The thermal voltage ($V_{\mathrm{cell}}$) and discharge capacity ($Q_{\mathrm{cell}}$) are important performance parameters of a battery. The thermal voltage is expressed by electrode parameters as $V_{\mathrm{cell}}^{\mathrm{cal}}$ = (${\alpha }^{+}$−${\alpha }^{-}$)($T_{\mathrm{H}}$−$T_{\mathrm{L}}$), where ${\alpha }^{+}$ (${\alpha }^{-}$) is $\alpha$ of cathode (anode) material. We emphasize that cathode and anode potentials should be the same when they are assembled into a tertiary battery. We called this potential adjustment step the pre-oxidization step. Generally, the voltage of a battery decreases as the extracted charge increases.

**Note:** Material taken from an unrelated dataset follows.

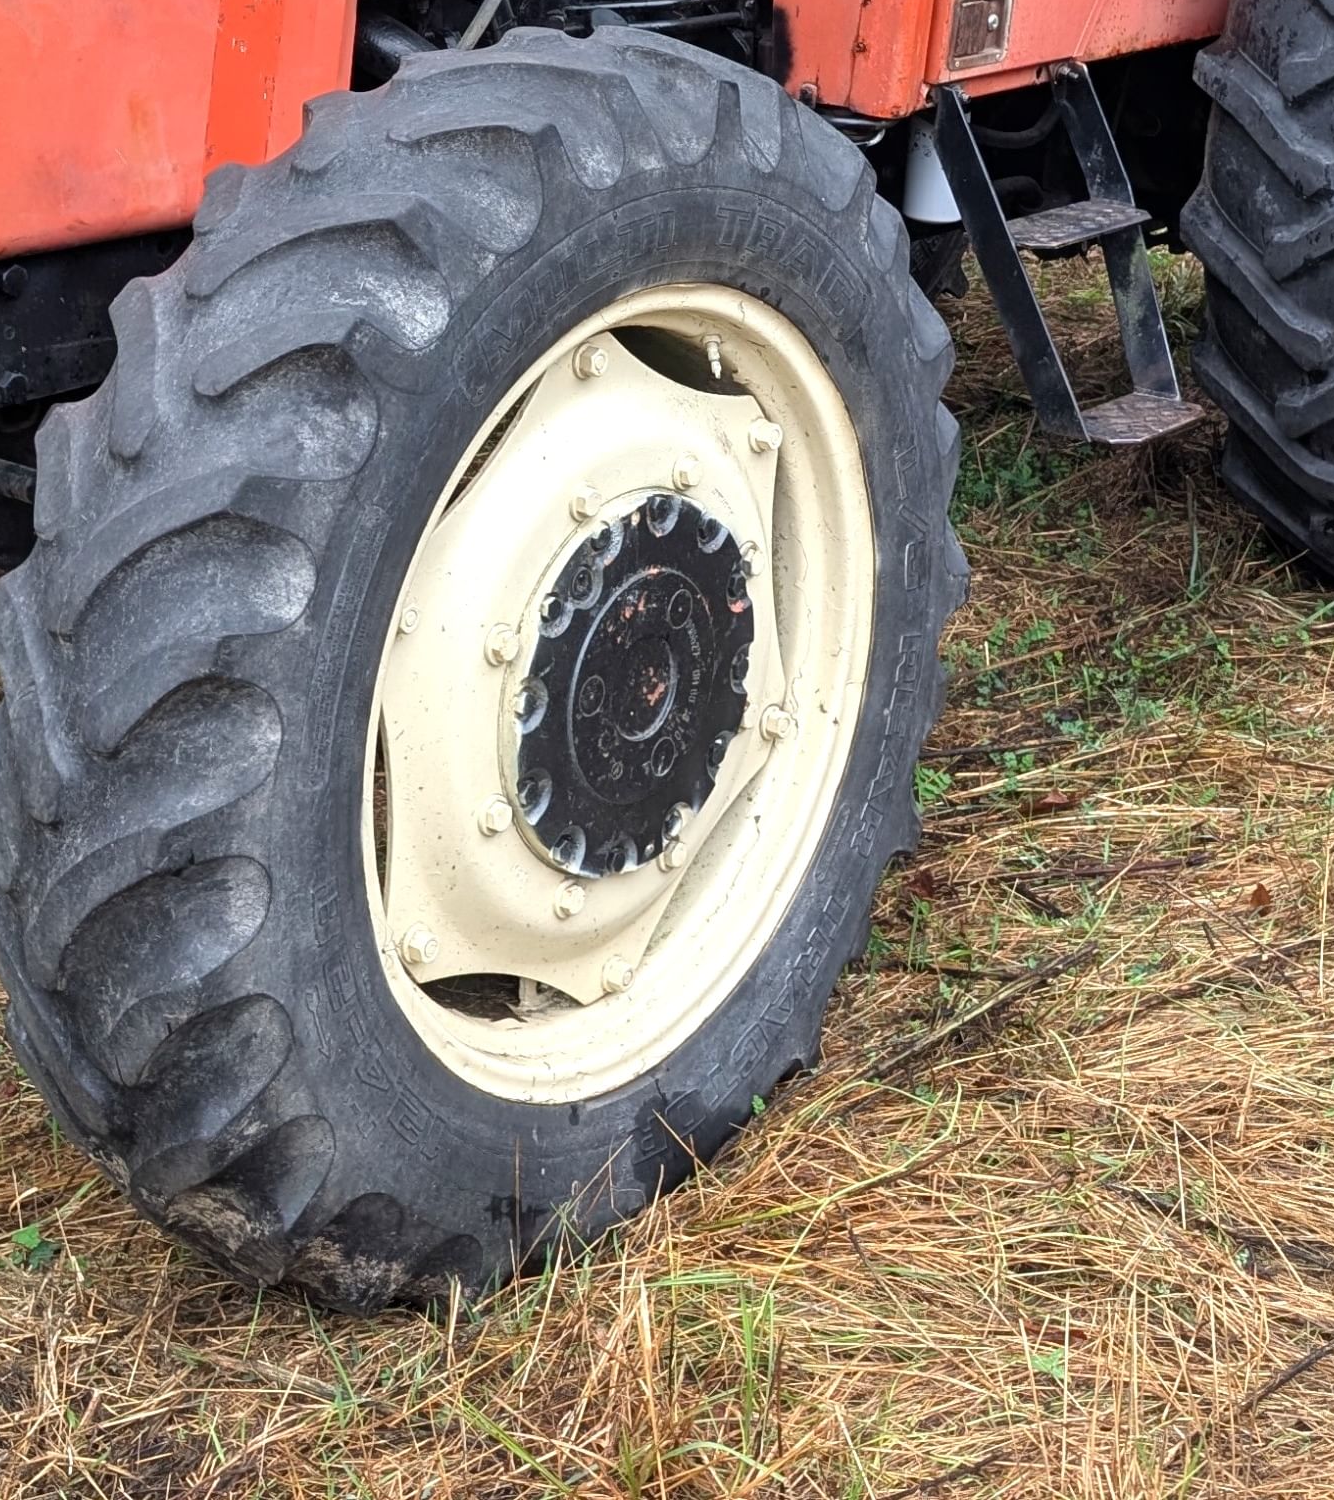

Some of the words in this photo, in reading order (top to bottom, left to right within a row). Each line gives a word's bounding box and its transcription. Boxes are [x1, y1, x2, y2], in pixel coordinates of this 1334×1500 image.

The discharge capacity of a tertiary battery is defined as the capacity at which the voltage drop is equal to $V_{\mathrm{cell}}$. Since $V_{\mathrm{cell}}$ of the tertiary battery is relatively small (several tens mV), the charge coefficient ($\beta$ ≡ −dV/dq, where q is capacity per unit weight of active material) of V can be regarded as constant. Considering the weight ratio (r = $\frac{m^{+}}{m^{+}+m^{-}}$) of the cathode ($m^{+}$) and anode ($m^{-}$) active materials, the discharge capacity per unit weight of total active material is expressed by electrode parameters as $Q_{\mathrm{cell}}^{\mathrm{cal}}$ = $\frac{V_{\mathrm{cell}}^{\mathrm{cal}}}{\frac{{\beta }_{+}}{r}+\frac{{\beta }_{-}}{1-r}}$, where ${\beta }^{+}$ (${\beta }^{-}$) and is $\beta$ of the cathode (anode) material [7,8]. The formula tells us that $Q_{\mathrm{cell}}^{\mathrm{cal}}$ is maximized when the cathode and anode potentials are optimized so that $\frac{{\beta }_{+}}{r}+\frac{{\beta }_{-}}{1-r}$ is minimized. The adjustment of the cathode and anode potential is also performed at the pre-oxidization step. Thus, the pre-oxidization step is indispensable for the fabrication of a tertiary battery.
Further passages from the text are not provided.